What “agentic” means (in plain language)

A normal AI assistant is like a smart coworker who talks well: you ask, it responds. An agent is more like a junior operator: you give it an objective (“find flights under HKD 4,000 and draft a plan”), and it tries to complete the task by taking multiple steps on purpose.

The key difference is not “smarter text.” The difference is control flow: the system keeps running in a loop—deciding what to do next—rather than stopping after one response.

A helpful mental model is:

  • Chatbot: Input → Output.
  • Agent: Goal → (Think → Do → Check) repeated → Result.

The core loop: perceive, plan, act, verify

Most agents, no matter the framework, boil down to a loop with four jobs.

1) Perceive (get context)

The agent gathers the info it needs: your request, constraints, what's already known, and what tools/data are available. This can include reading files, pulling database rows, or fetching a webpage (if allowed).

2) Plan (choose steps)

It breaks the goal into smaller tasks and decides an order: “First get requirements, then search options, then compare, then draft output.” This “plan” can be explicit (a checklist) or implicit (internal reasoning).

3) Act (use tools)

This is what makes it agentic. The agent might call:

  • A calendar API to find free time.
  • A SQL query to pull customer records.
  • A trading data endpoint to fetch prices.
  • A code runner to transform data.
  • A browser-like tool to navigate a website.

4) Verify (check and adjust)

After acting, the agent evaluates whether it worked. If not, it retries, changes strategy, asks you a clarifying question, or stops safely.

That verify step is important because real environments are messy: APIs fail, pages change, data is incomplete, and the model can be confidently wrong unless you force it to check.

What makes agentic AI feel “magical” (and what's actually happening)

When people see a good agent demo, it looks like the AI “understands the world.” Usually, it's three simpler things working together:

  • Tool use: It can do things, not just talk.
  • Memory/state: It can keep track of what it already tried (so it doesn't loop forever).
  • Iteration: It can take multiple shots and refine.
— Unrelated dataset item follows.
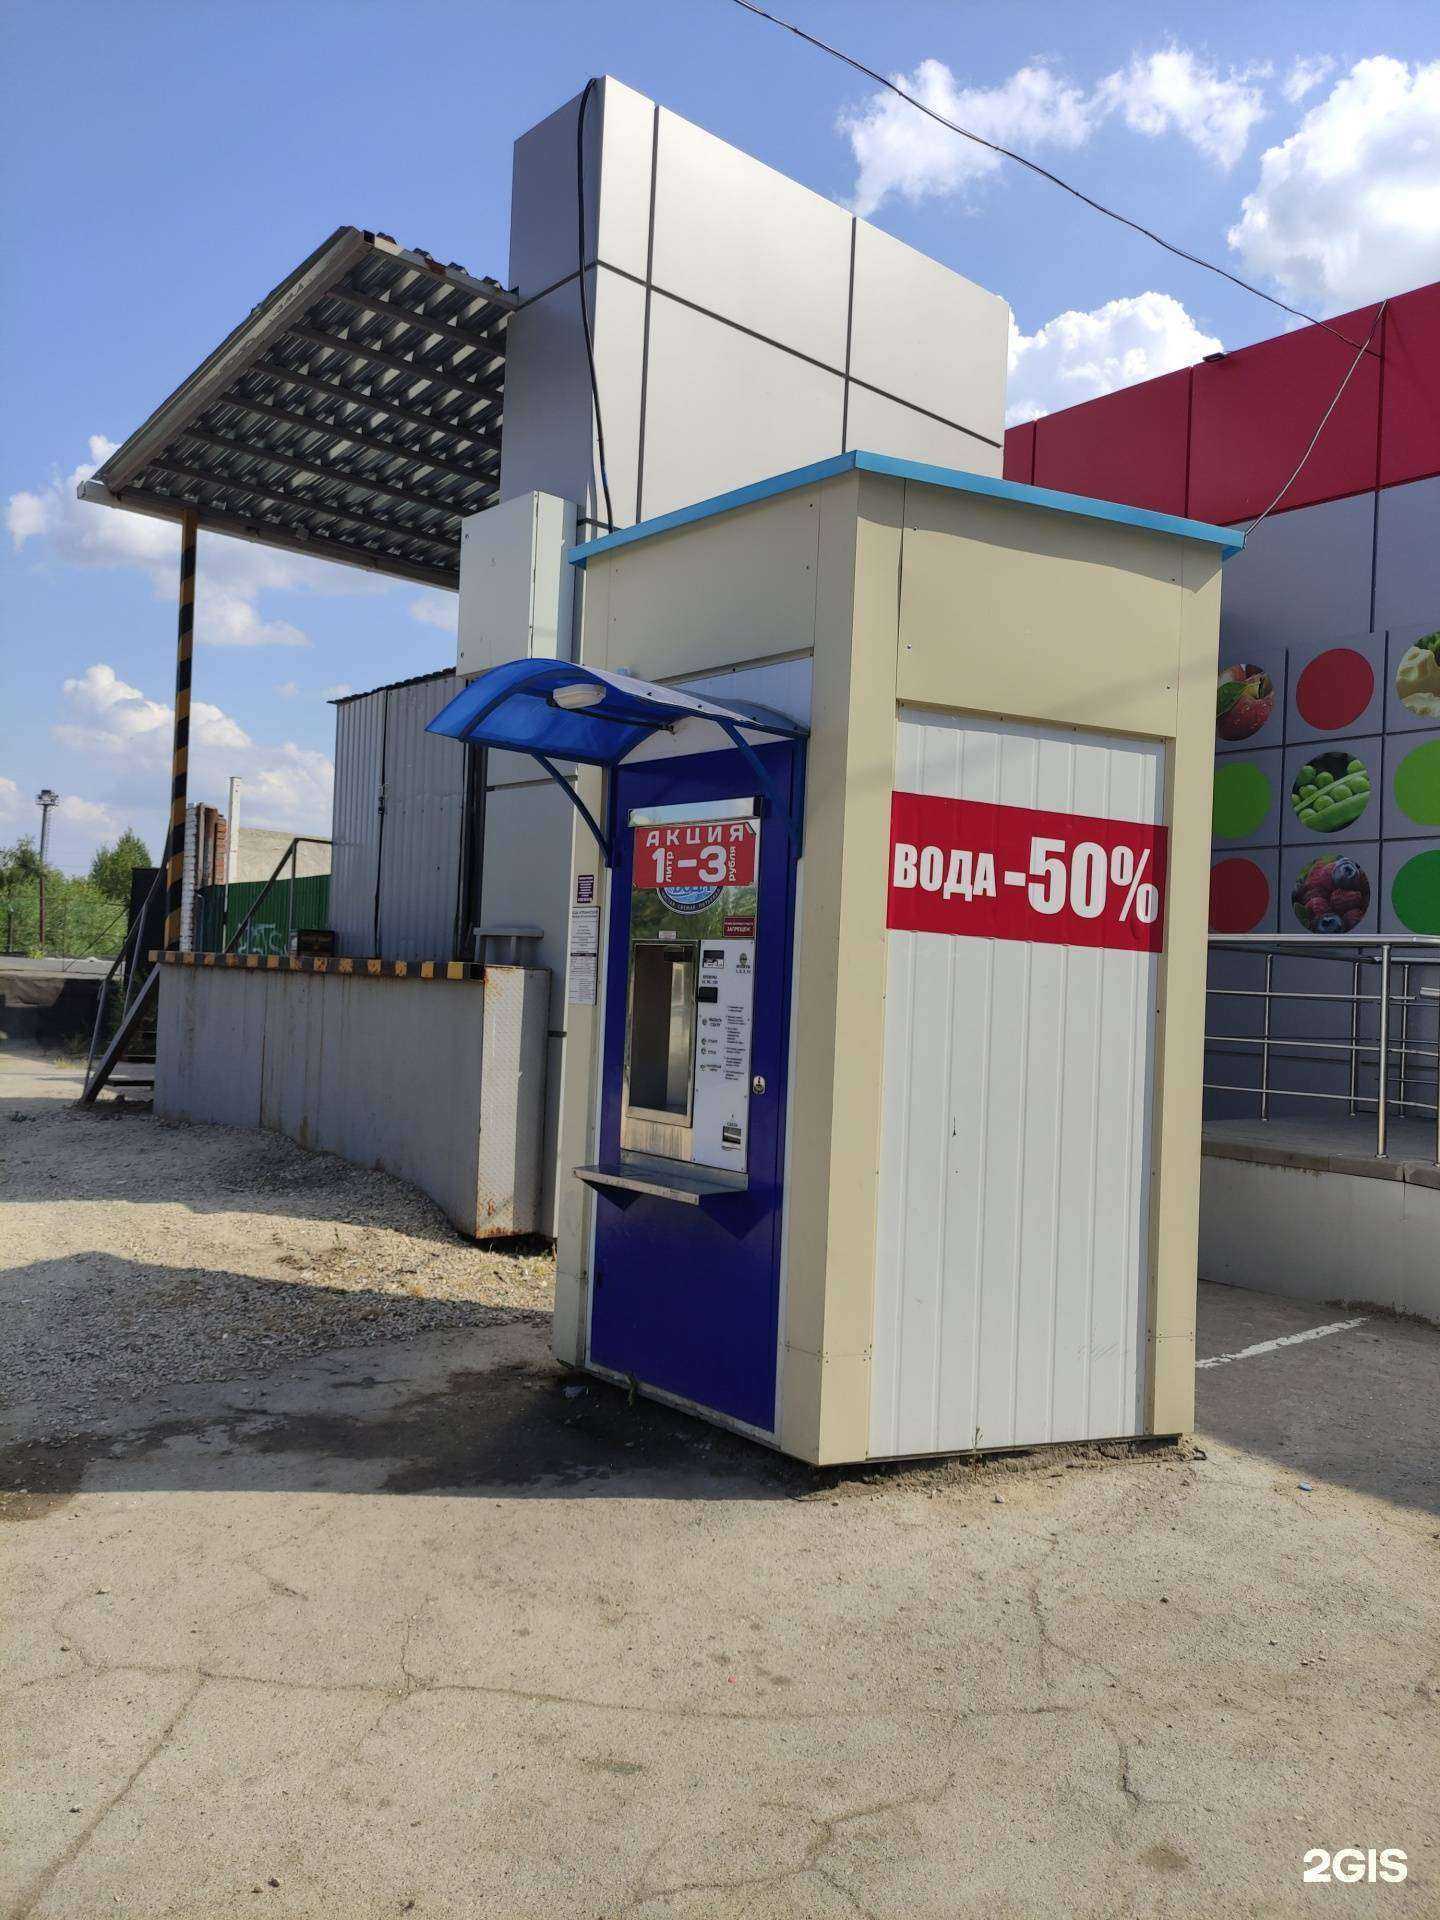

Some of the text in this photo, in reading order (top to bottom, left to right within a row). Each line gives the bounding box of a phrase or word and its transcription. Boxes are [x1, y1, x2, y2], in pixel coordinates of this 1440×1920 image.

[646, 825, 744, 847] АКЦИЯ
[652, 847, 665, 883] 1
[893, 836, 1159, 924] ВОДА -50%
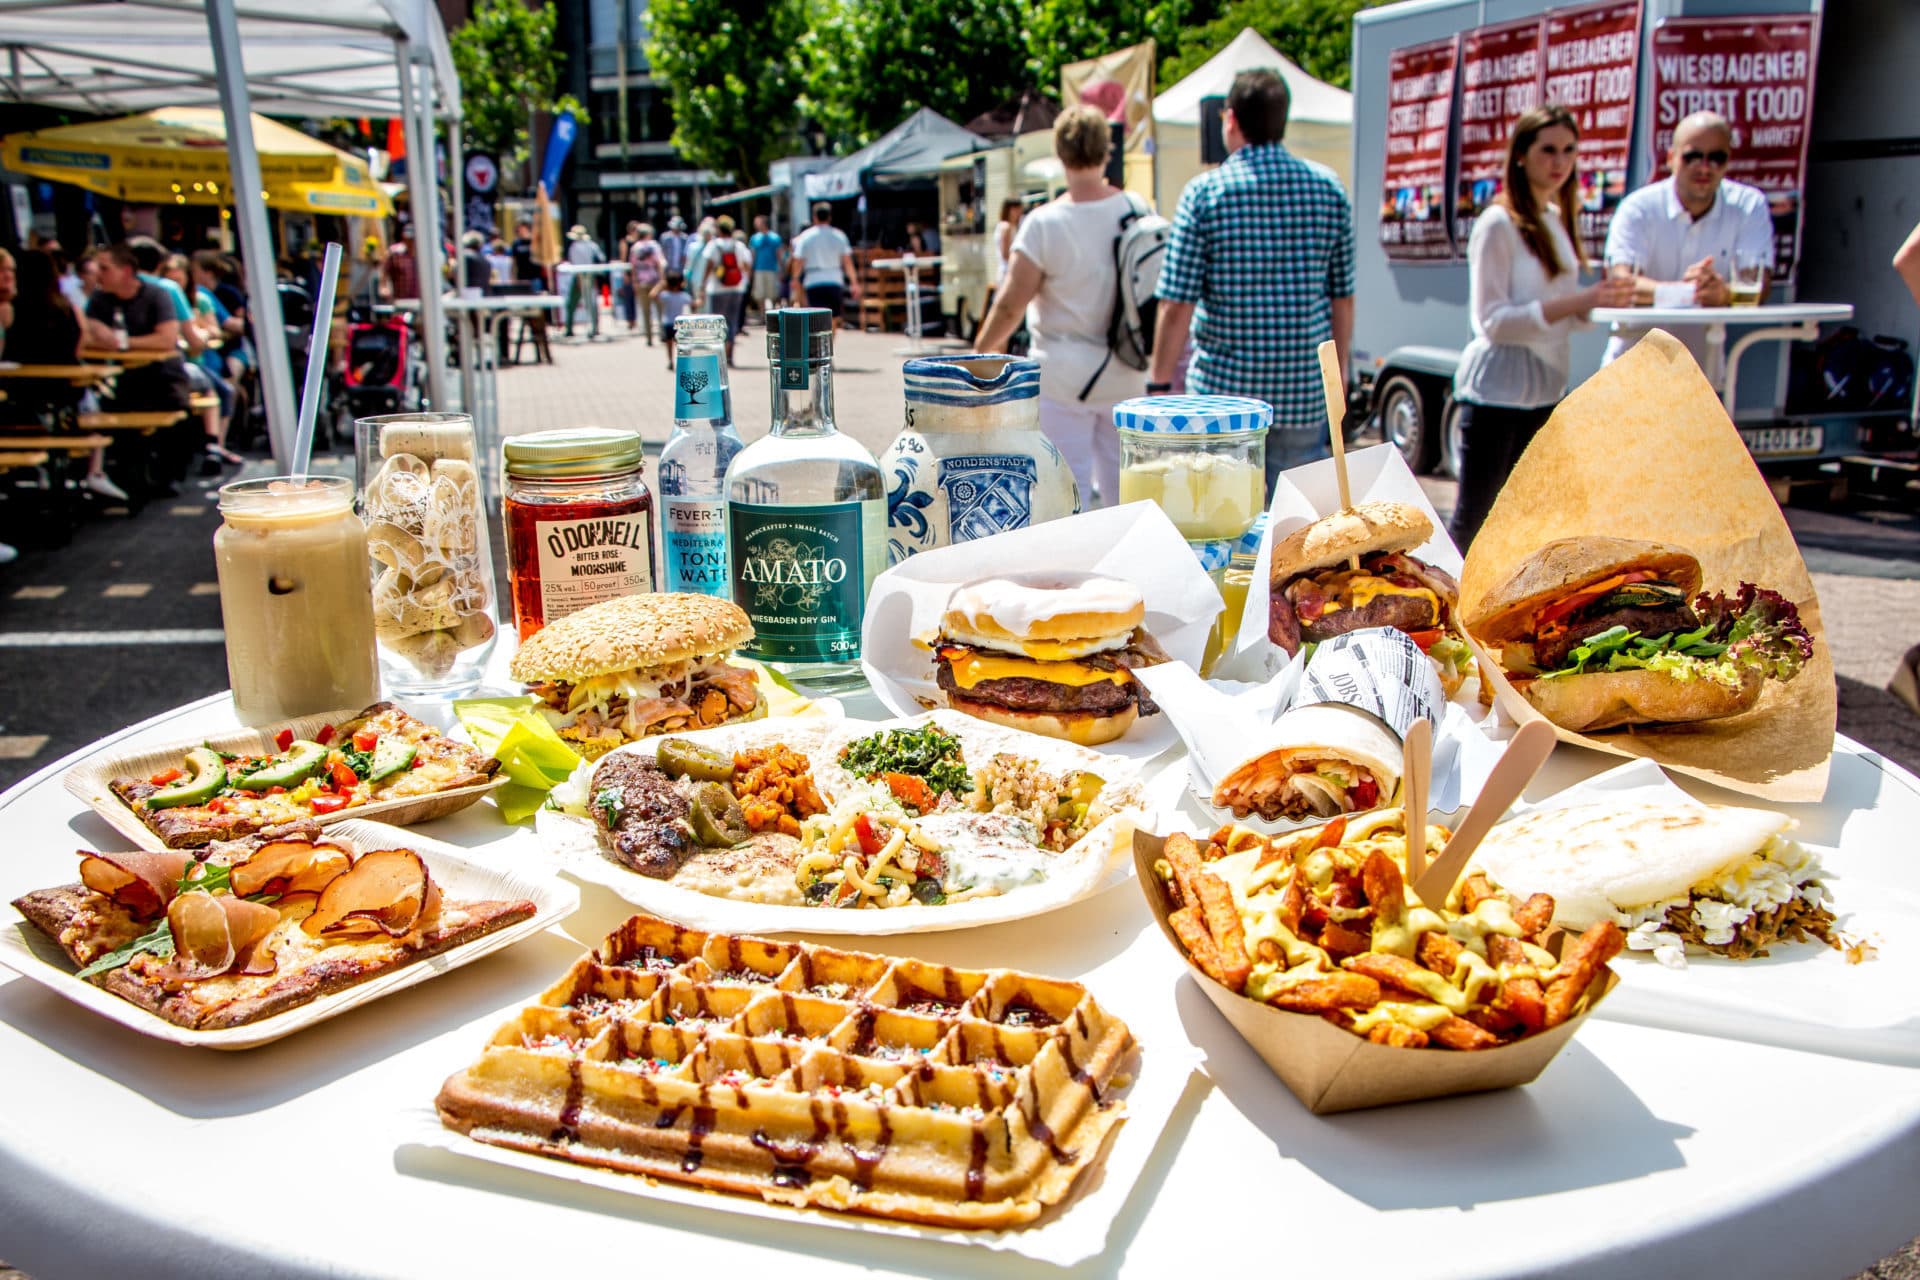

A concrete example: “Plan my weekend trip to Taipei”

A chatbot might give a generic itinerary. An agent might:

  • Ask your budget and interests.
  • Pull your preferred flight times from your calendar.
  • Search flights and hotels (through allowed tools).
  • Compare options, pick top 3, and explain tradeoffs.
  • Draft a day-by-day plan and a packing list.
  • Ask for approval before booking.

Notice the pattern: the output isn't just text; it's a sequence of actions coordinated by text.

Common architectures (the ones you'll actually run into)

You'll hear many labels, but most systems fall into a few buckets.

1) Single-agent with tools

One model is responsible for planning and tool calls. It's simple to build and easy to debug at first, but can become brittle as tasks get complex.

Good for: internal automation, small workflows, “do a task with a handful of tools.”

2) Planner–executor split

One component plans, another executes. Sometimes the “planner” is a model prompt, sometimes a separate model. This can reduce chaos: the planner focuses on strategy, the executor focuses on correctness.

Good for: reliability, repeatable workflows, more controlled behavior.

3) Multi-agent teams

Different agents take roles: “researcher,” “coder,” “reviewer,” “compliance checker.” This can improve quality, but it can also add cost and complexity fast.

Good for: complex research tasks, long-running projects, tasks needing different expertise.

4) Workflow-first (agent inside guardrails)

Instead of a free-form agent, you build a deterministic workflow (a state machine / directed graph), and the AI fills in specific steps. This often wins in production because it's easier to test.

Good for: production systems, regulated environments, anything that must be stable.

Where agents go wrong (and why it matters)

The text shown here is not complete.